@Ottoneu Trade Value (2014)

Likely in an event to avoid as much HOF news as possible today, my mind drifted to the topic of the best contracts in our Ottoneu league.  I believe the “Trade Value” series originated when Bill Simmons was The Sports Guy, writing his blog in Boston, but it has evolved to the point now where writers in all sports attempt to analyze players as assets by looking at their production, contract, age etc.  (Dave Cameron does the series for Fangraphs, Jonah Keri for Grantland on the baseball front).  As we approach the January 31st cut down date across Ottoneu leagues, I though that I would attempt a similar look at our Ottoneu league (so the dollar values you see below are the contract prices for each player in our league).

The “rules” for the trade value series are here, but to generalize, the main point is that we’re not looking at mere production, we’re looking at production, age, positional scarcity, projection for the future, and of course price.  Add on top of those rules the Ottoneu specific rules regarding starting lineups and rosters (162 Catcher games rather than “two catcher” leagues, 40 man rosters, inflation for both major and minor league players, 1500 IP pitching limits).   In theory, the resulting list would me in a one for one swap, you’d trade anyone on the list for anyone above him, and you wouldn’t make the reverse deal.
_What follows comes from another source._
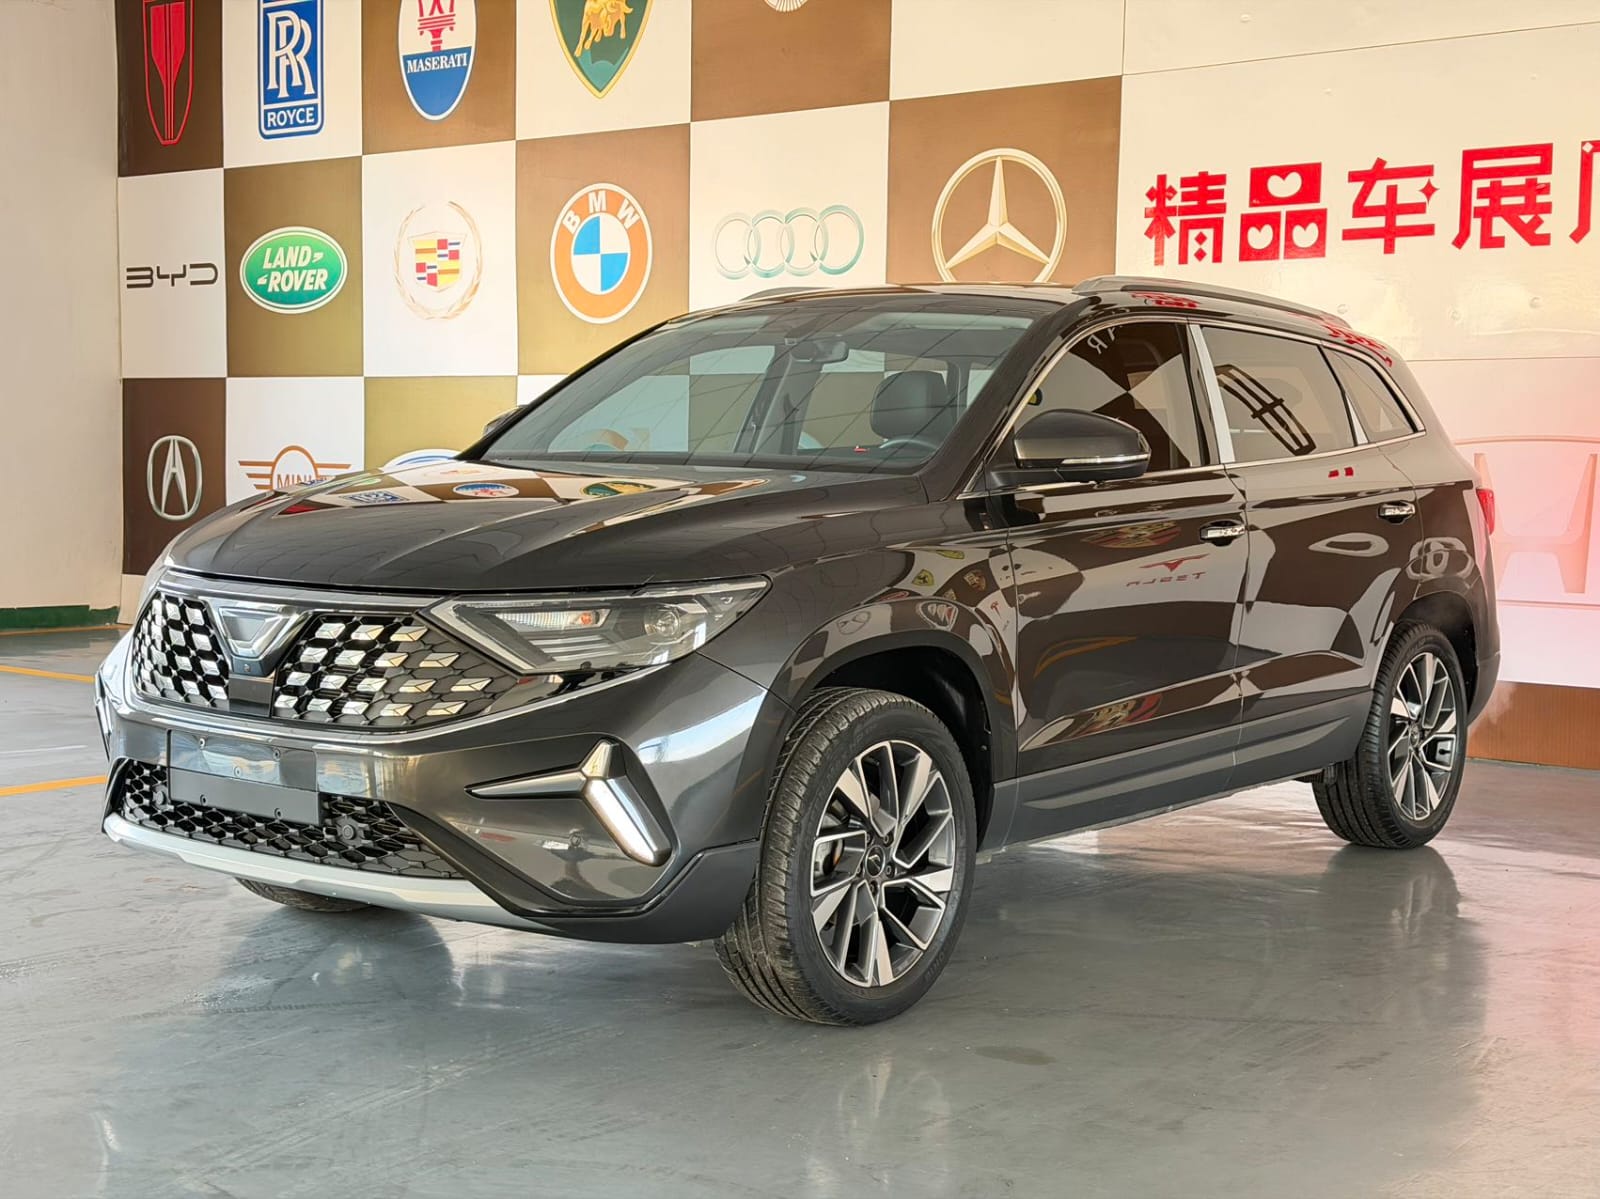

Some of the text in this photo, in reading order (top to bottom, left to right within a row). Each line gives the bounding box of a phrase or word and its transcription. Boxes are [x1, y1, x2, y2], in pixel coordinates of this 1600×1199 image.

The biggest challenge for me was sorting the 2013 stats and players and cutting down to a manageable number from which to choose.  Ultimately, I split into hitters and pitchers, and then sorted by FPTS, by Points/Game or Points/IP, and by Points/$.  I identified about 20 or so hitters and 15 or so pitchers, and from there created a master list that included the categories mentioned above as well as age (with the presumption that pretty much everyone knows which position these guys play).  If anyone wants a copy of my spreadsheet with all the information, it is messy but I’m happy to share.

Before I present the top 10, a few comments on those guys that didn’t make it:

— The best hitter and best pitcher in the league didn’t make the cut.  Mike Trout ($70) and Clayton Kershaw ($56) were passed over, obviously not for reasons of on field production.  Cutting Trout was much easier in my mind, OF is a position in Ottoneu where replacement production can be found either in cheaper but still elite production, or by piecing together games by platoon-type mashers (think Brandon Moss).   Kershaw is tougher – his price is so high at $56, but aces are much harder to find or replace and getting nearly 1500 points out of one SP is absurd.  Still though, if he sat on my roster I would be madly shopping him on the assumption that those $56 could be better allocated elsewhere.

—  In most of my revisions before finalizing, Yadier Molina ($13) was safely in the top 10.  Ultimately, I pulled him out primarily because of his age (31 in 2014), though the low bar of catcher production leaves me thinking that I may regret that decision.

— I love both Kyle Seager and Carlos Gomez at $9, and while I think they’re great assets, I struggle to see either of them surpassing 2013 numbers — which isn’t a criticism, but their lack of upside is the primary reason to leave them out.

— Matt Carpenter is the subject of great debate in our Ottoneu league currently.  He nearly made the list, ultimately though I guess I’m in the “unbeliever” camp for Carpenter, because while I love his production, (a) he’s going to lose that 2B eligibility this year, and (b) I can’t ignore the fact that though he mashed as a 27 year old in St Louis last year, he was also a 24 year old stuck in AA and looked to have utility infielder career path before last year’s break out.  If he had even one more strong season under his belt, he would likely be on the list.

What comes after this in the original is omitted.